§ WHAT TO PRODUCE
Nothing should appear in the answer except the lines from the one with "this 1500×1000 image." through the end of the listing below, transcribed exactly and without pictures.

§ DATA IN THIS EXERCISE
· · · ·

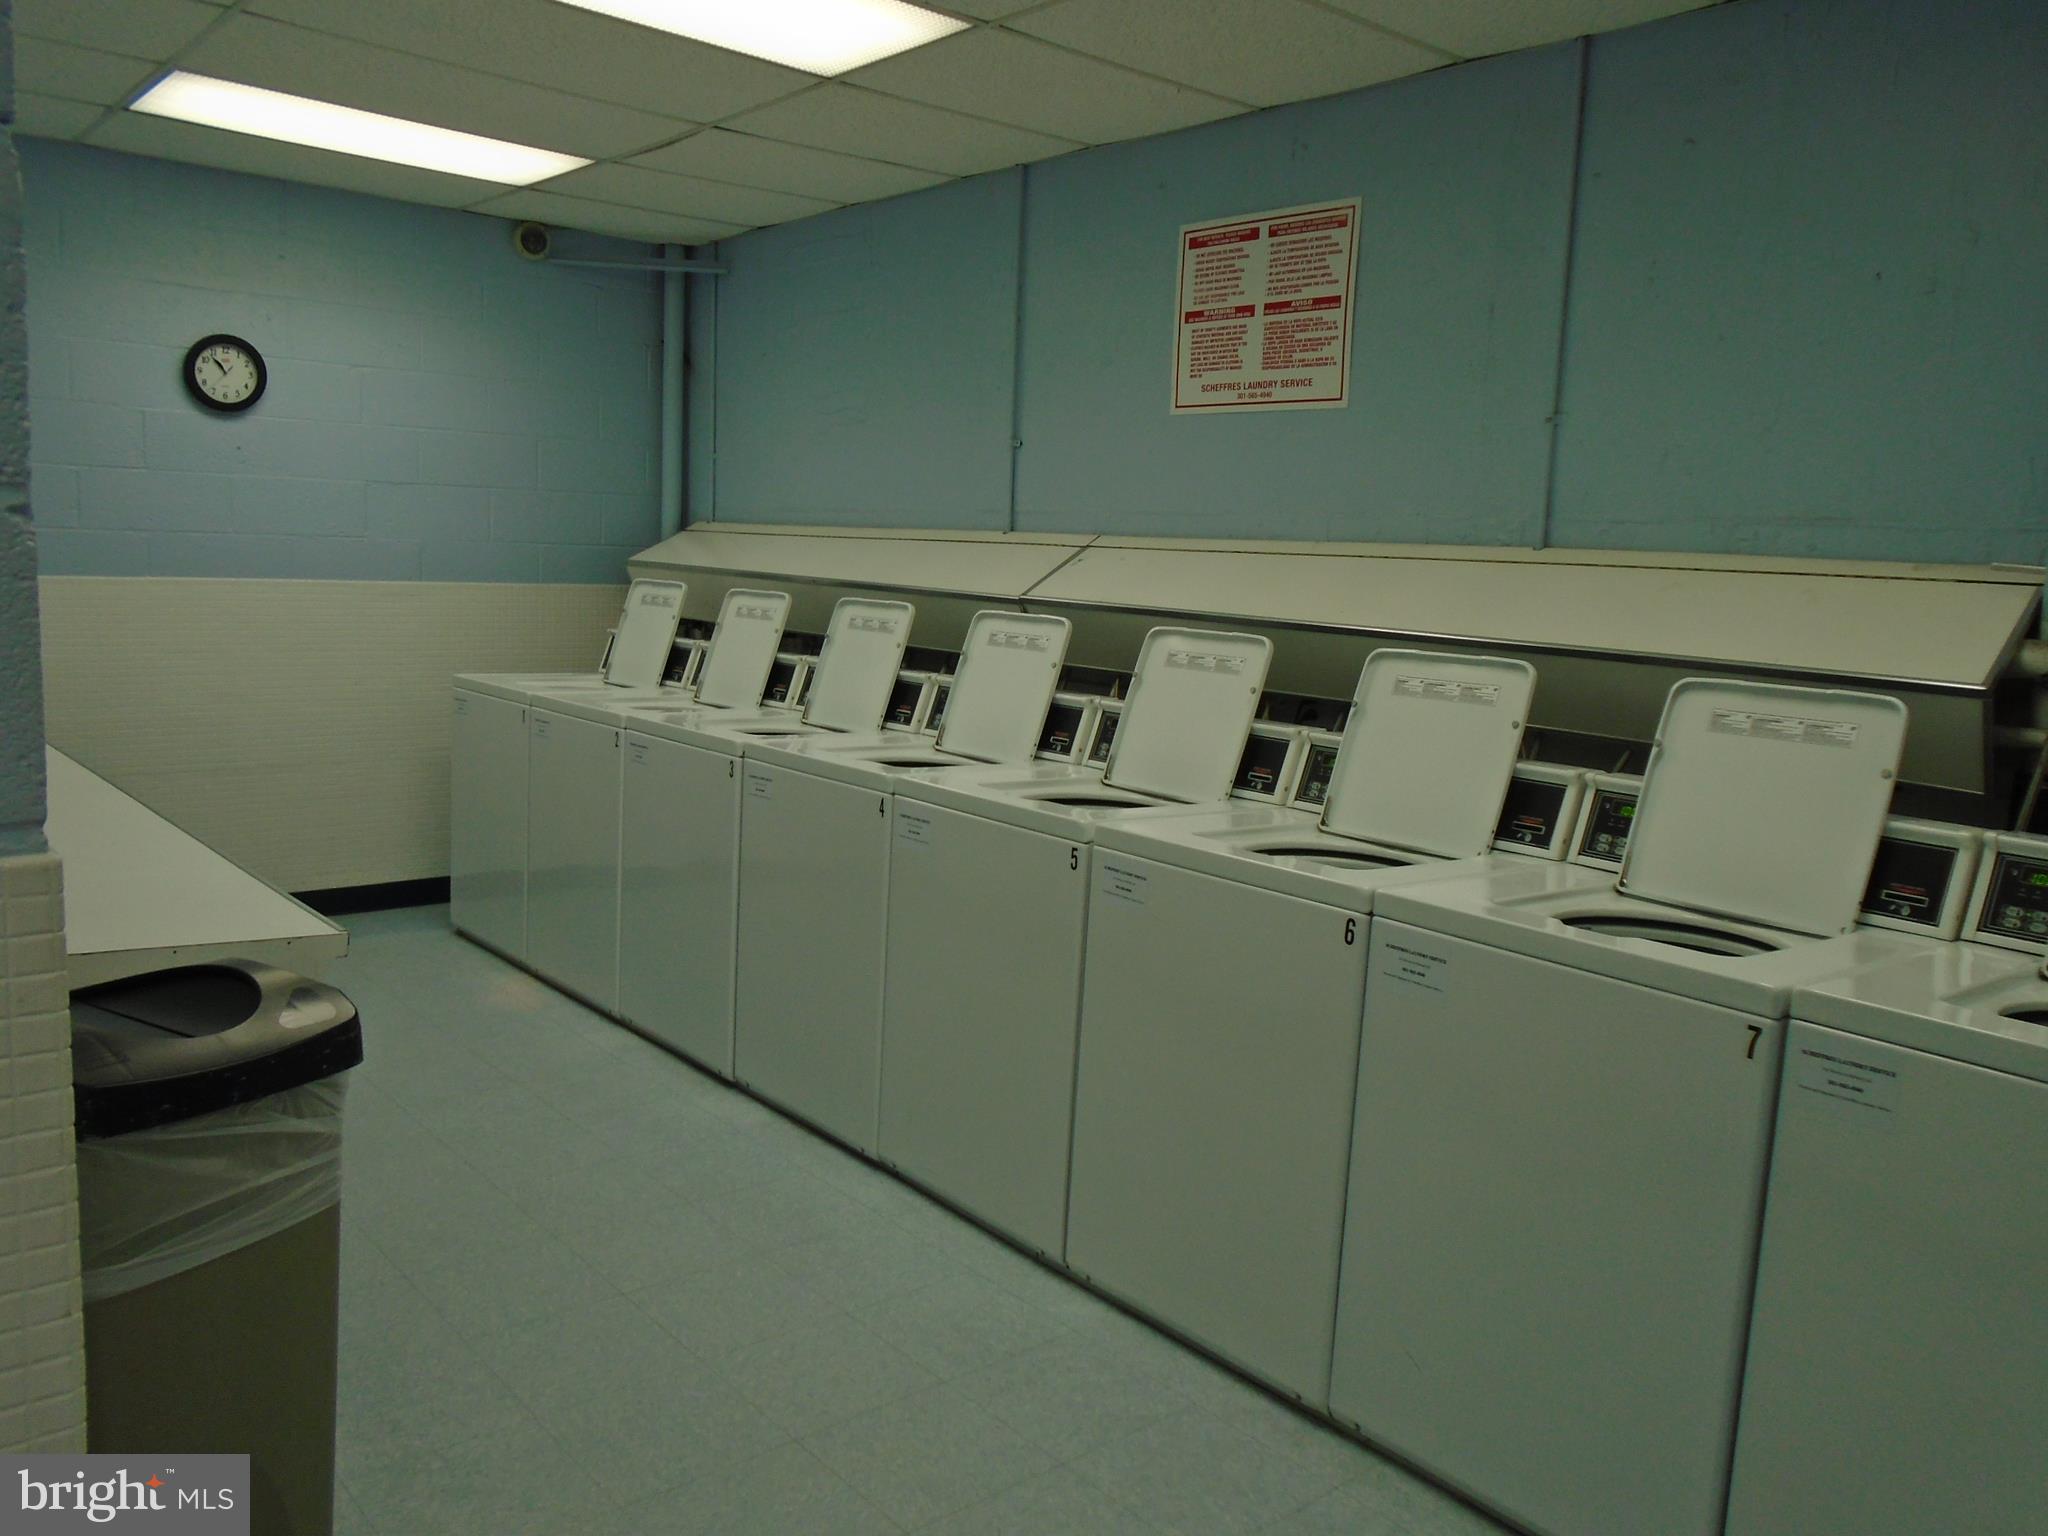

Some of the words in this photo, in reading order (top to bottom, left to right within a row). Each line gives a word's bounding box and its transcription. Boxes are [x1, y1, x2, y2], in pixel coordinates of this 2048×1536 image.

[1290, 299, 1313, 307] AVISO
[1203, 307, 1236, 316] WARNING
[210, 348, 217, 356] 11
[222, 346, 230, 354] 12
[1201, 382, 1241, 392] SCHEFFRES
[1243, 380, 1278, 390] LAUNDRY
[1280, 378, 1313, 388] SERVICE
[614, 732, 620, 748] 2
[729, 760, 734, 778] 3
[879, 797, 885, 818] 4
[1070, 847, 1078, 870] 5
[1343, 918, 1356, 945] 6
[1746, 1025, 1763, 1060] 7
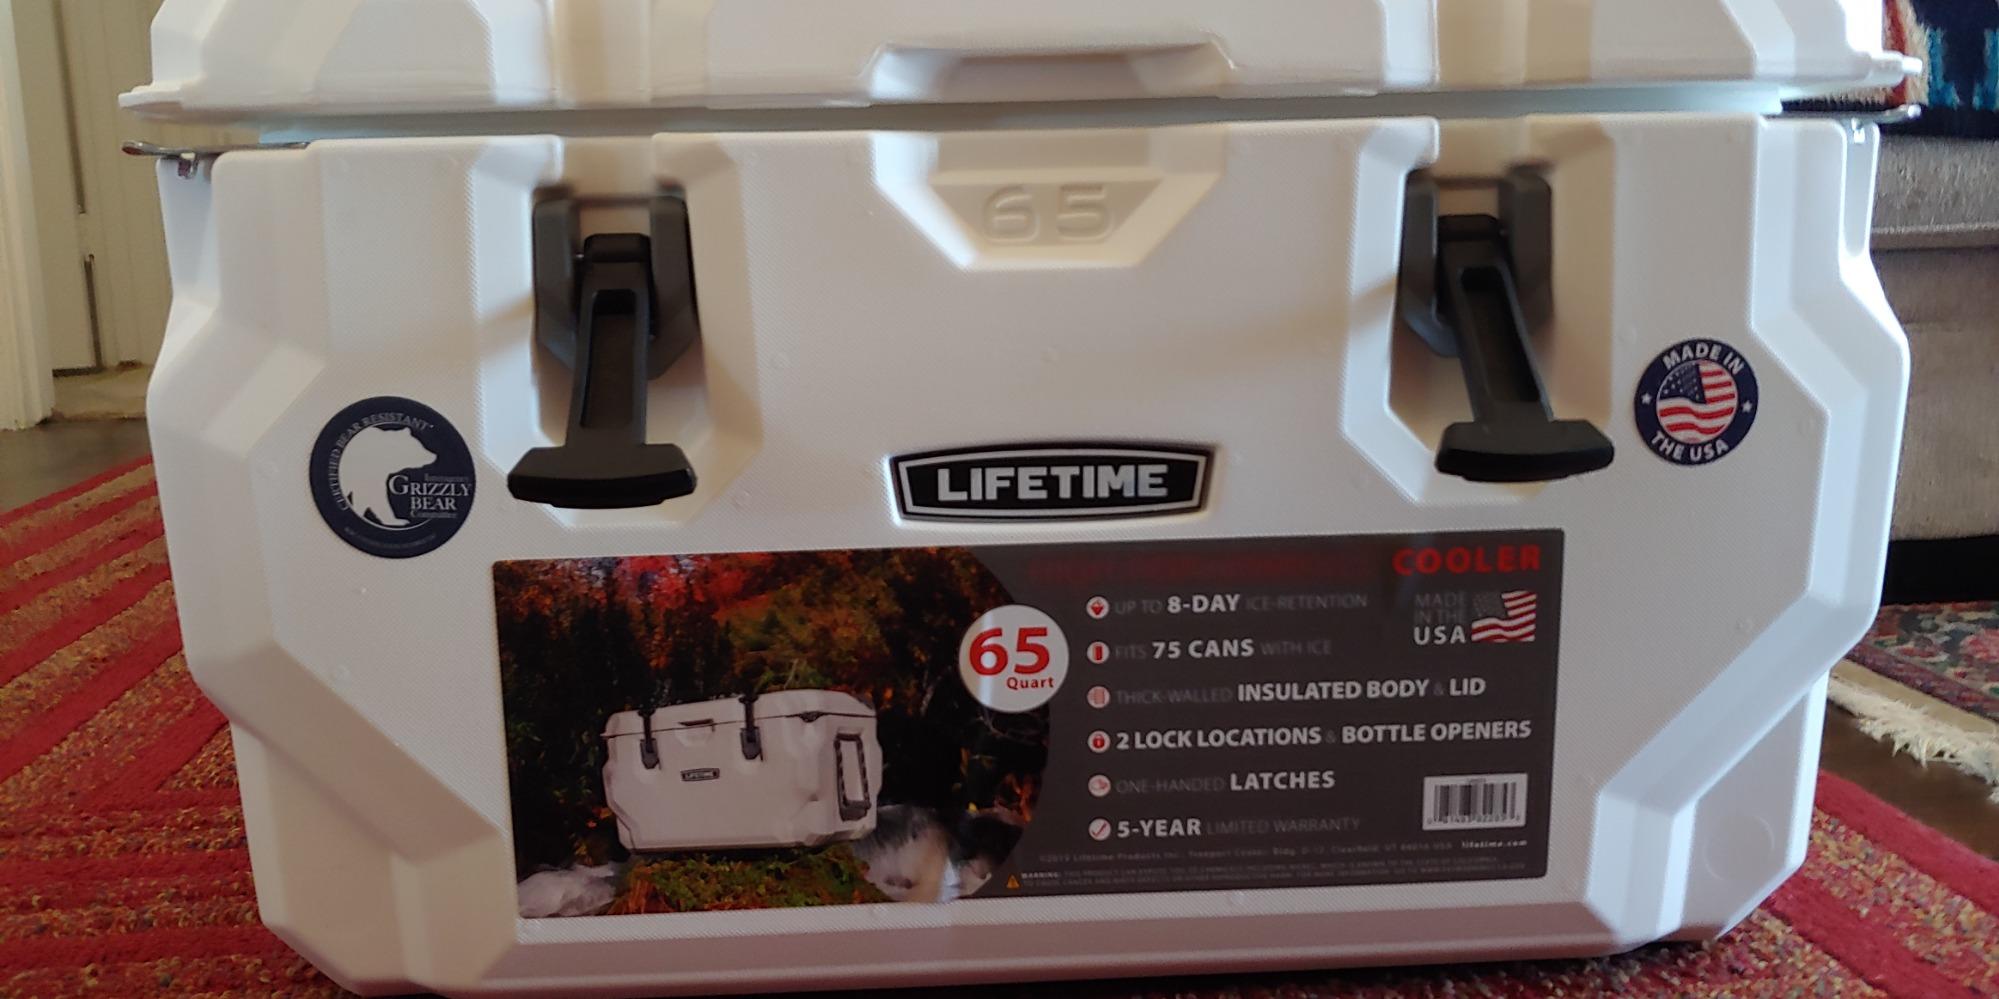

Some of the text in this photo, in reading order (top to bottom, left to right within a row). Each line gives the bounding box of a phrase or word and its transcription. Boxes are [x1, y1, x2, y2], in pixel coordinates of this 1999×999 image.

[983, 184, 1113, 243] 65
[1662, 342, 1744, 375] MADE IN
[336, 421, 362, 448] BEAR
[1651, 430, 1729, 461] THE USA
[328, 448, 349, 511] CERTIFIED
[389, 474, 470, 496] GRIZZLY
[937, 464, 1168, 502] LIFETIME
[411, 496, 457, 510] BEAR
[1392, 544, 1541, 576] COOLER
[1114, 600, 1136, 615] UP
[1141, 599, 1162, 614] TO
[1166, 593, 1241, 614] 8-DAY
[1414, 591, 1468, 608] MADE
[1414, 608, 1468, 624] IN THE
[1414, 625, 1467, 645] USA
[968, 625, 1052, 677] 65
[1115, 638, 1332, 660] FITS 75 CANS WITH ICE
[1006, 675, 1054, 692] Quart
[1116, 687, 1233, 705] THICK-WALLED
[1237, 680, 1362, 702] INSULATED
[1366, 678, 1430, 699] BODY
[1449, 677, 1487, 696] LID
[1116, 732, 1130, 750] 2
[1134, 729, 1193, 749] LOCK
[1196, 726, 1322, 748] LOCATIONS
[1341, 723, 1427, 744] BOTTLE
[1430, 720, 1533, 741] OPENERS
[1115, 770, 1336, 795] ONE-HANDED LATCHES
[1117, 816, 1361, 839] 5-YEAR LIMITED WARRANTY
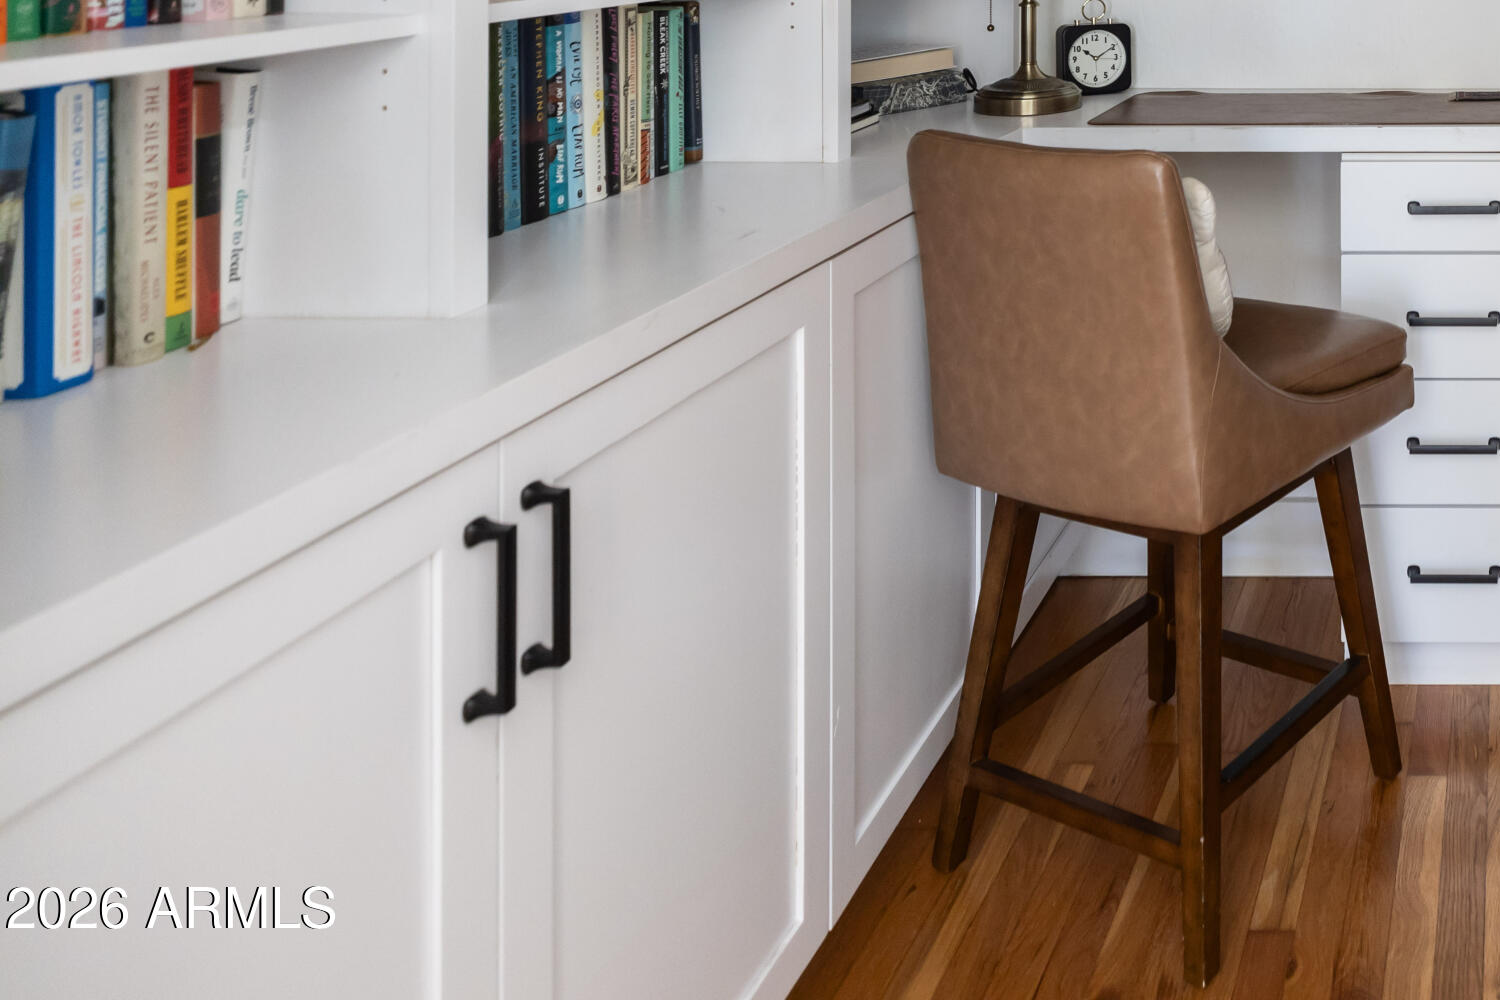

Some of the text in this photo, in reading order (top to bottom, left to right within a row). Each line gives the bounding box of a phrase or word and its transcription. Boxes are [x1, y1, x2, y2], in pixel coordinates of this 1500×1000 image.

[1091, 34, 1099, 42] 12
[510, 66, 517, 79] AN
[536, 87, 544, 122] KING
[608, 94, 618, 121] PARIS
[73, 140, 84, 189] TOWLES
[144, 85, 159, 244] THE SILENT PATIENT
[175, 200, 187, 300] HARLEM SHUFFLE
[228, 189, 248, 282] dare to lead
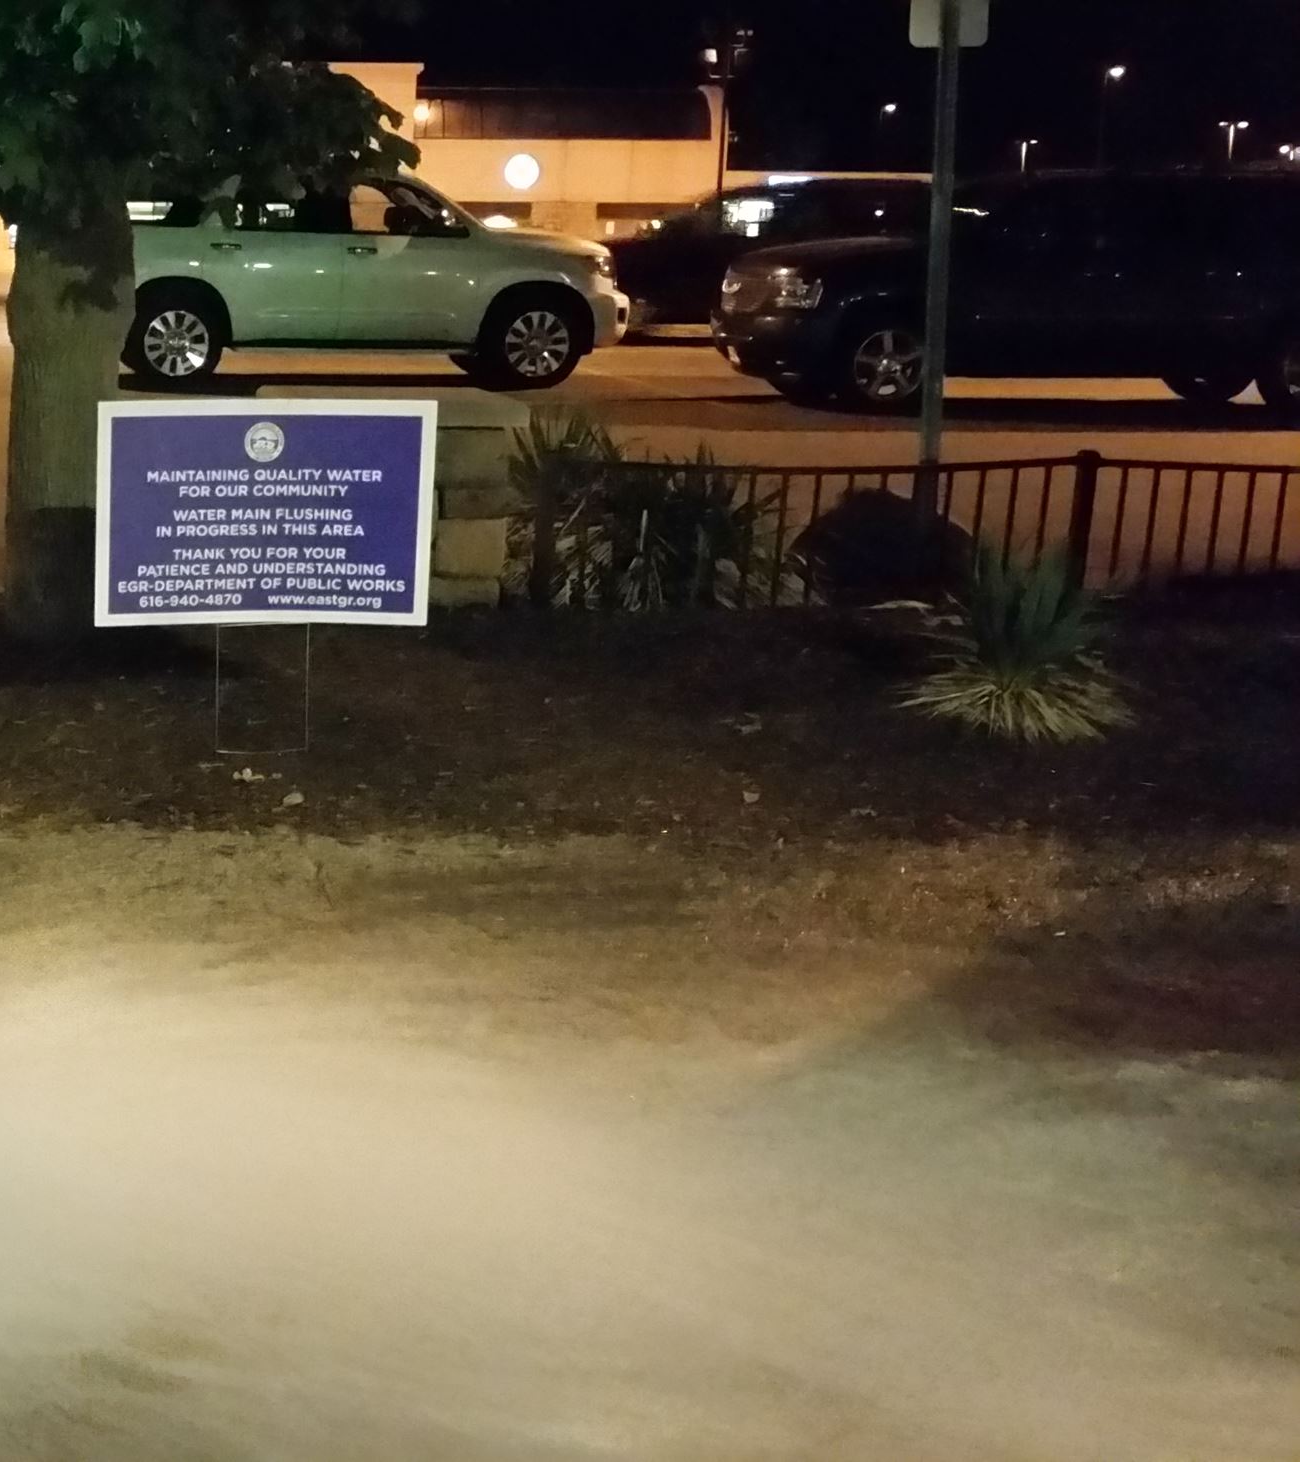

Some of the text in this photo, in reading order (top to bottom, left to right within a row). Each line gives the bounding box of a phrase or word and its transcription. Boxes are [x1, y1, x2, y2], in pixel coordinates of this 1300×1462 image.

· · · ·

§ PROBLEM SOLUTION
Some of the text in this photo, in reading order (top to bottom, left to right within a row). Each line gives the bounding box of a phrase or word and its transcription. Boxes are [x1, y1, x2, y2], in pixel coordinates of this 1500×1000 image.

[1091, 34, 1099, 42] 12
[510, 66, 517, 79] AN
[536, 87, 544, 122] KING
[608, 94, 618, 121] PARIS
[73, 140, 84, 189] TOWLES
[144, 85, 159, 244] THE SILENT PATIENT
[175, 200, 187, 300] HARLEM SHUFFLE
[228, 189, 248, 282] dare to lead

Some of the text in this photo, in reading order (top to bottom, left to right within a row). Each line gives the bounding box of a phrase or word and its transcription. Boxes are [x1, y1, x2, y2], in pixel coordinates of this 1300×1462 image.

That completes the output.